ACTION ITEM: The records below are to be set down again exactly, with the pictures left out.

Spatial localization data
++++++
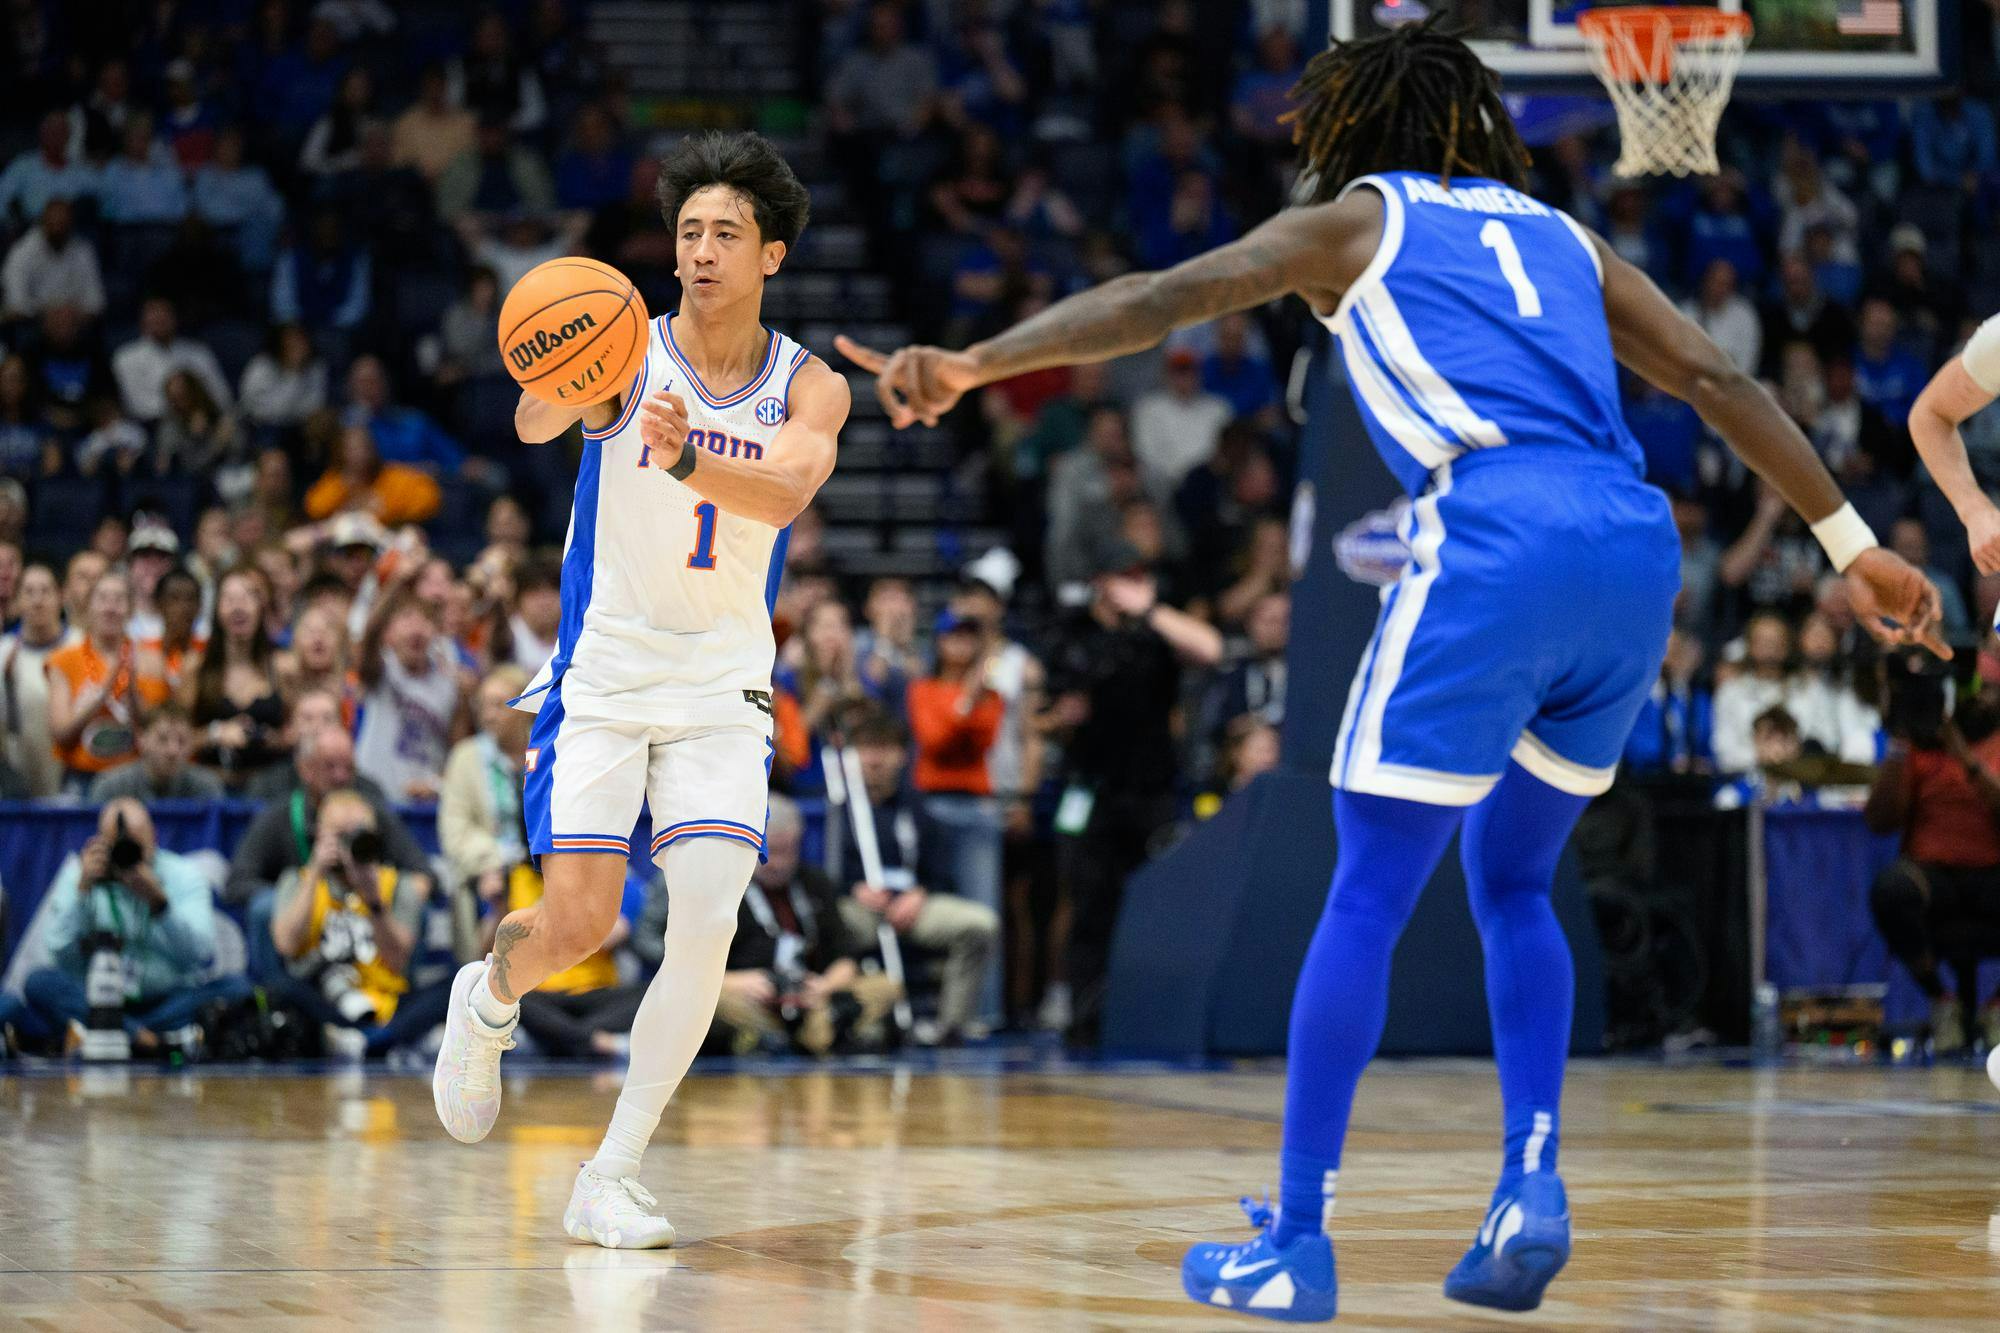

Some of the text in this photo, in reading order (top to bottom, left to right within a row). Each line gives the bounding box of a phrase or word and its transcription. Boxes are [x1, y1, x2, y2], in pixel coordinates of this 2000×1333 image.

[1479, 218, 1543, 317] 1
[508, 312, 597, 372] Wilson
[556, 360, 604, 399] EVO
[757, 398, 784, 425] SEC
[687, 500, 718, 571] 1
++++++
TASK OUTPUT:
Some of the text in this photo, in reading order (top to bottom, left to right within a row). Each line gives the bounding box of a phrase or word and its transcription. Boxes are [x1, y1, x2, y2], in pixel coordinates of this 2000×1333 image.

[1479, 218, 1543, 317] 1
[508, 312, 597, 372] Wilson
[556, 360, 604, 399] EVO
[757, 398, 784, 425] SEC
[687, 500, 718, 571] 1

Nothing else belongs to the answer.